–— Par Frédérique Briard —
A 49 ans, Alain Mabanckou, l’enfant terrible de la littérature francophone, prix Renaudot 2006, vient d’être nommé au Collège de France. Le romancier, essayiste et professeur occupera, à compter de mars 2016, la chaire de création artistique. Rencontre.
Marianne : Vous allez enseigner dans l’une des plus célèbres institutions françaises. Une nouvelle corde à votre arc ?
Alain Mabanckou : Oui, même si cela fait treize ans que j’enseigne aux États-Unis. J’ai d’abord enseigné à l’université du Michigan, et depuis 2007 je suis professeur titulaire à Ucla, l’université de Californie à Los Angeles. Je suis par conséquent un fonctionnaire de l’Etat de Californie. Je suis en quelque sorte inamovible.

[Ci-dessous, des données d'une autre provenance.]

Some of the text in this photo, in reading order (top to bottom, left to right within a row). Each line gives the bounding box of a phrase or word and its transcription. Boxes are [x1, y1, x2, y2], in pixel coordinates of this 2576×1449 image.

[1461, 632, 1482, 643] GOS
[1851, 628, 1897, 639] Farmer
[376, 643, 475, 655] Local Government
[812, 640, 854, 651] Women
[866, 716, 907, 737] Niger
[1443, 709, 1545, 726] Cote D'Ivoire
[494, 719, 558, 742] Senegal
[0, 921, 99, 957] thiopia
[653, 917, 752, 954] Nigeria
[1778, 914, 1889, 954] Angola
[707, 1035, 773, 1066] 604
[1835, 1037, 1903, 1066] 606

Je m’occupe de la littérature d’expression française venue de l’Afrique noire, mais j’ai tendance à lui associer l’enseignement de la littérature française, car je soutiens que cette littérature négro-africaine est aussi née en réaction à un certain classicisme de la littérature française. Il existe une filiation entre les deux, la littérature de l’époque coloniale a nourri la perception que l’Europe avait de l’Afrique, mais aussi celle que les Africains avaient de l’Europe. L’université américaine présente cet atout majeur de la liberté de programme.

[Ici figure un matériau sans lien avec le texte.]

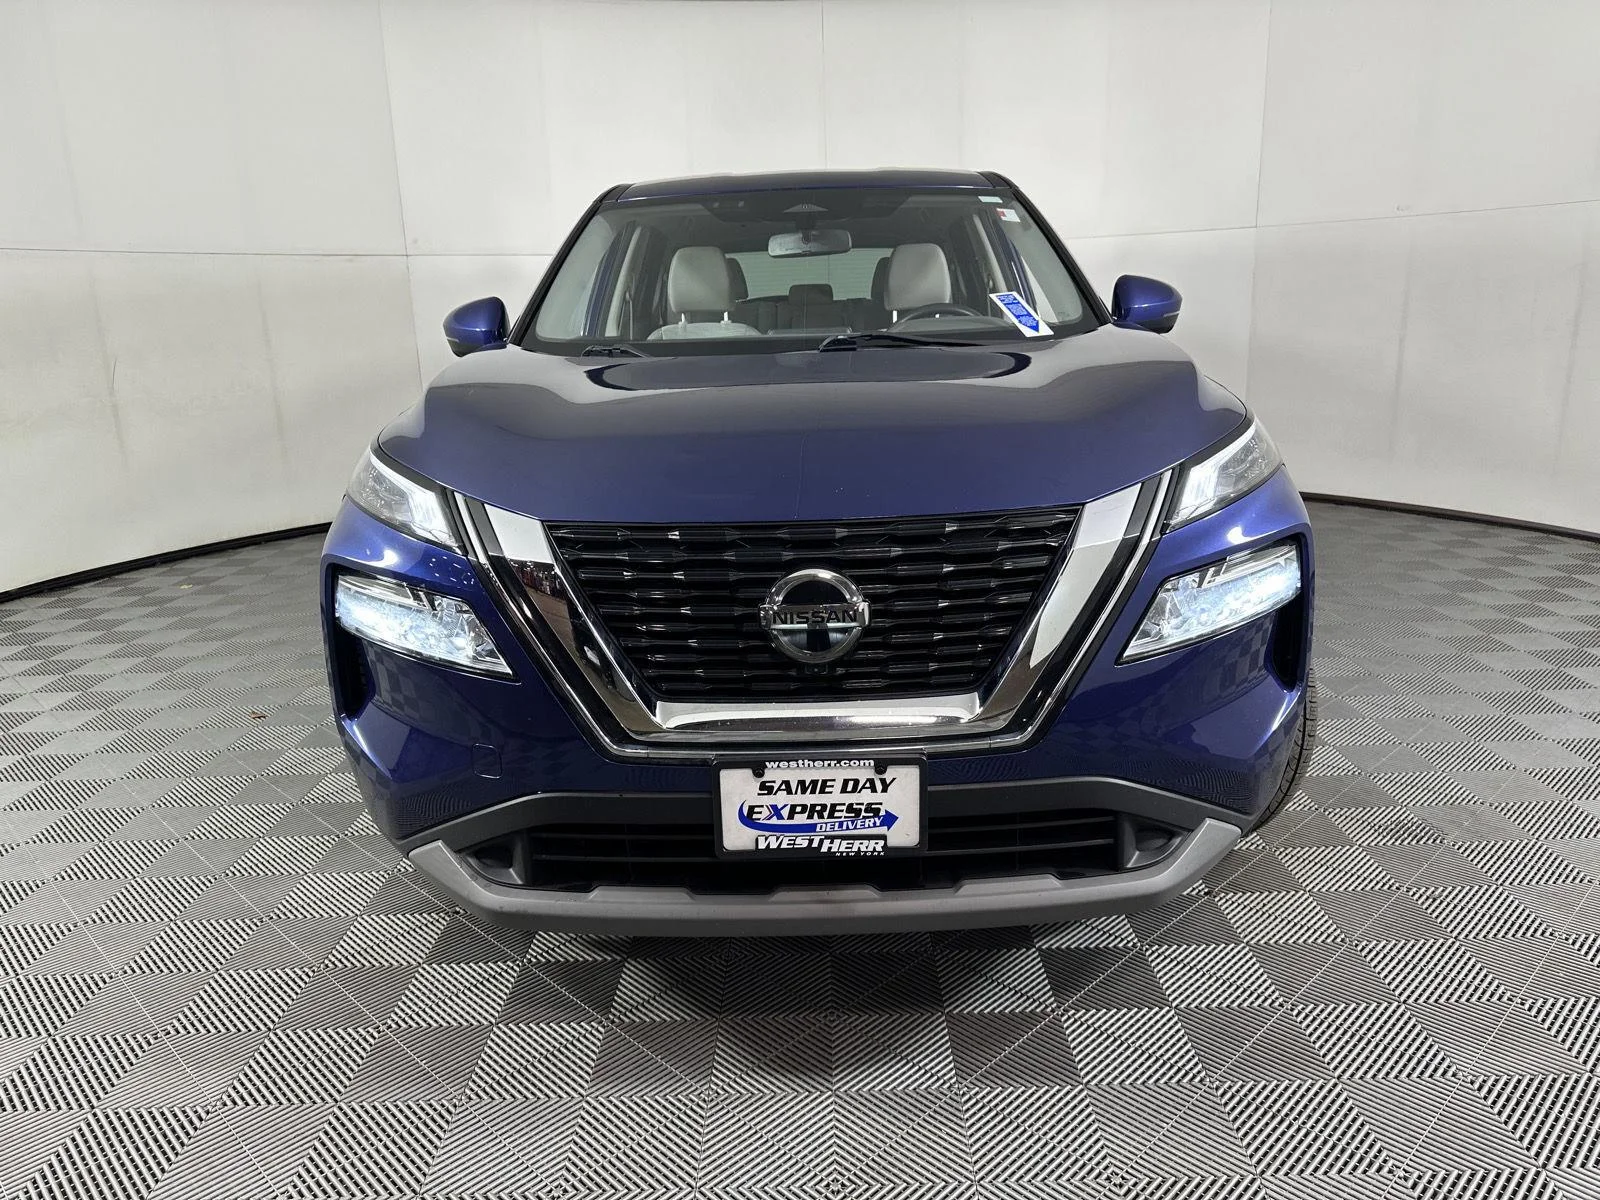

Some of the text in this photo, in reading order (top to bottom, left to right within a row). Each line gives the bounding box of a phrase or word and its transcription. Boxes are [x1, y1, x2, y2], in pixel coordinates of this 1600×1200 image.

[772, 610, 857, 624] NISSAN
[765, 759, 874, 768] westherr.com
[757, 777, 897, 796] SAME DAY
[746, 802, 883, 821] EXPRESS
[815, 816, 884, 832] DELIVERY

Cette liberté de choix d’un corpus littéraire n’existerait pas dans nos universités françaises ?
Je pense qu’elle pourrait exister, la curiosité d’un professeur peut toujours lui permettre d’élargir son cours. Mais souvent ces professeurs manquent de courage et s’accrochent simplement à ce qu’ils savent le mieux. Il y a sans doute aussi un certain blocage les empêchant de penser le texte africain comme faisant partie intégrante du texte d’expression française. Souvent, l’enseignement en France regarde les autres littératures de haut. Que ces professeurs acceptent de regarder le rez-de-chaussée, ils apprendraient beaucoup de choses. Si vous voulez comprendre Paul Claudel, il est intéressant d’aller lire les poèmes de Léopold Sédar Senghor. Il y a une certaine réflexivité ou synergie entre les deux. Si vous voulez comprendre le romantisme de l’Afrique noire, il faut lire les poèmes de Birago Diop et les placer à côté de ceux de Lamartine. En s’interdisant de faire ce pont et en pensant toujours que la littérature française est la reine au-dessus de toute littérature, on tombe dans le piège de ne jamais considérer la littérature comme un ensemble. Dans mes cours, j’essaie de casser cela.

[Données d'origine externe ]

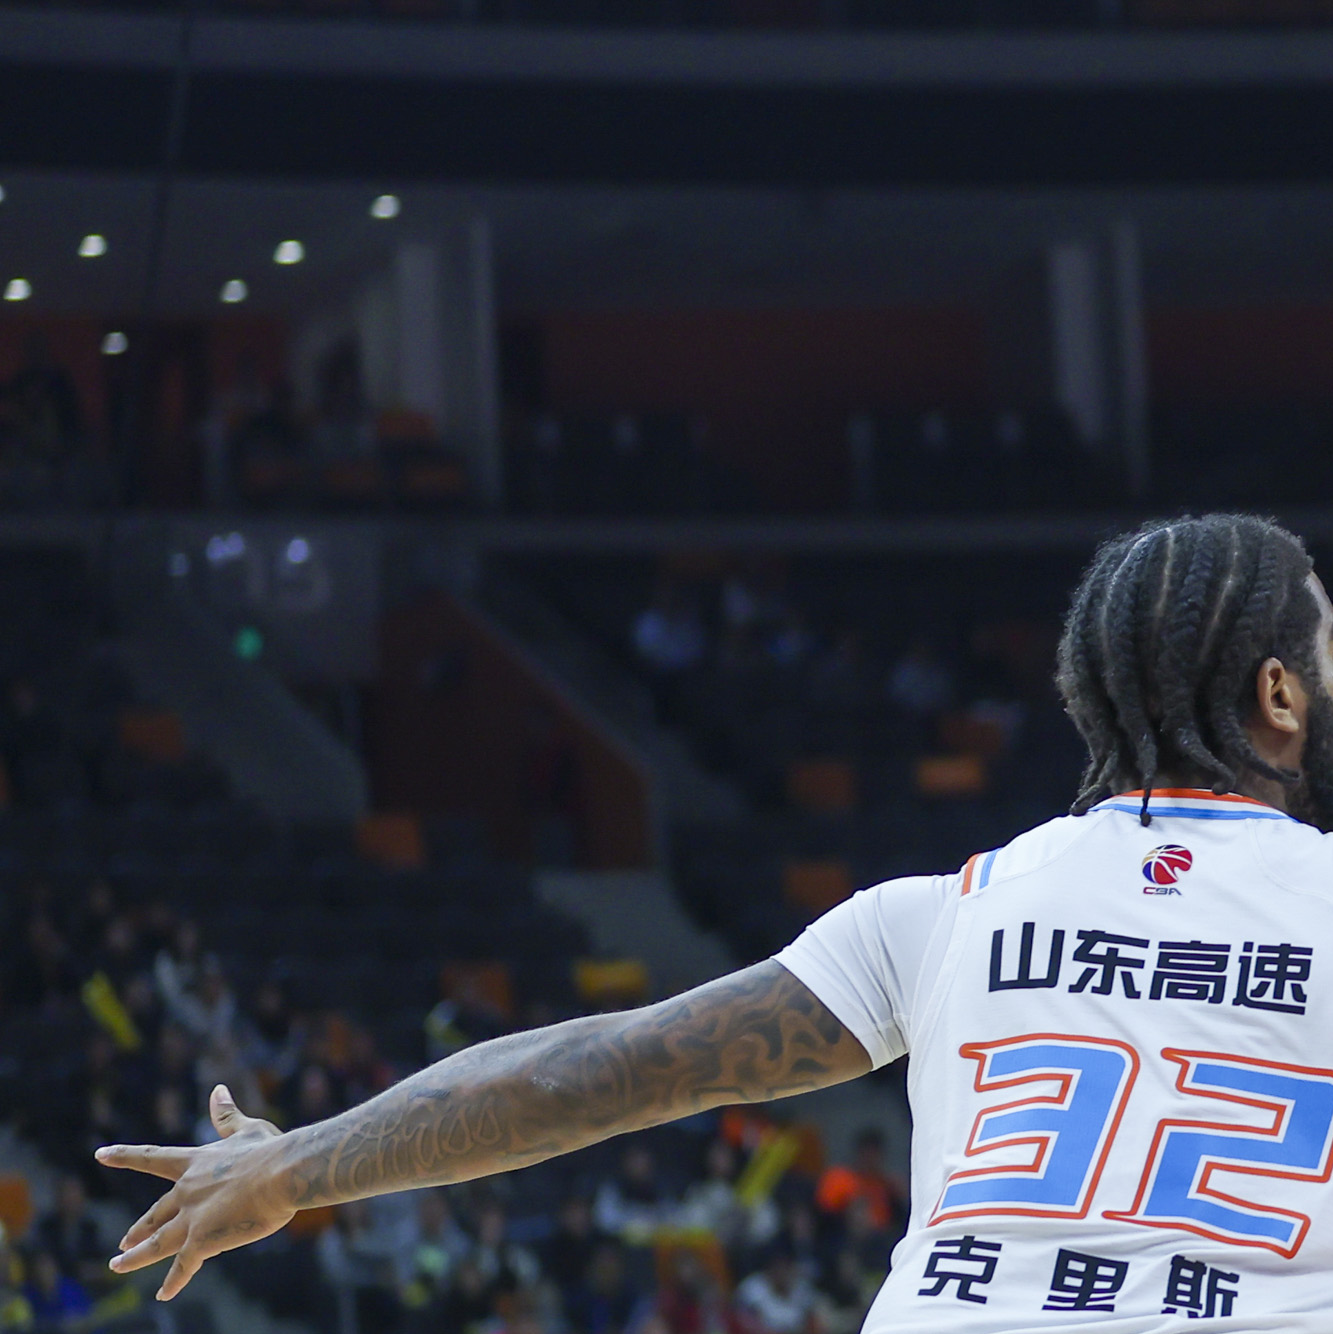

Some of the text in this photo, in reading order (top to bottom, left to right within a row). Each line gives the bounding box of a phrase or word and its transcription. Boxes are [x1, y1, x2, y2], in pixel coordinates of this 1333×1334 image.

[1143, 886, 1182, 896] CBA
[988, 922, 1313, 1015] 山东高速
[918, 1235, 1240, 1319] 克里斯

Enseigner aux États-Unis a-t-il été un choix délibéré ?
L’enseignement aux États-Unis m’a été proposé par les Américains eux-mêmes. En France, je ne rentrais pas dans le cadre presque corporatiste de l’éducation. Il faut avoir fait l’École nationale supérieure ou avoir une agrégation de lettres pour accéder à l’enseignement supérieur. Aux États-Unis, tout ça ne compte pas ; ce qui importe, c’est la pédagogie que vous avez et la capacité d’expliquer le monde. Les Américains aiment faire cohabiter les diplômés et les praticiens. Mettre ceux qui pensent le roman à côté de ceux qui l’écrivent, le vivent, le font jaillir. La pensée et la pratique sont indissociables. Le problème de l’université française est là : l’omniprésence de penseurs qui exclut les concepteurs. Aux États-Unis, la plupart des écrivains (Toni Morrison, Philip Roth, par exemple) sont professeurs. En me retranchant vers l’enseignement, j’ai relevé une sorte de défi que m’ont lancé les États-Unis ; j’ai commencé à lire des textes théoriques, Deleuze, Bourdieu, Barthes, les fondamentaux de la pensée africaine, Fanon, Cheikh Anta Diop, des textes que je n’avais pas forcément appréhendés à l’université puisque j’étais dans une filière de droit. Ça m’a permis d’avoir ce perpétuel discours amoureux du texte.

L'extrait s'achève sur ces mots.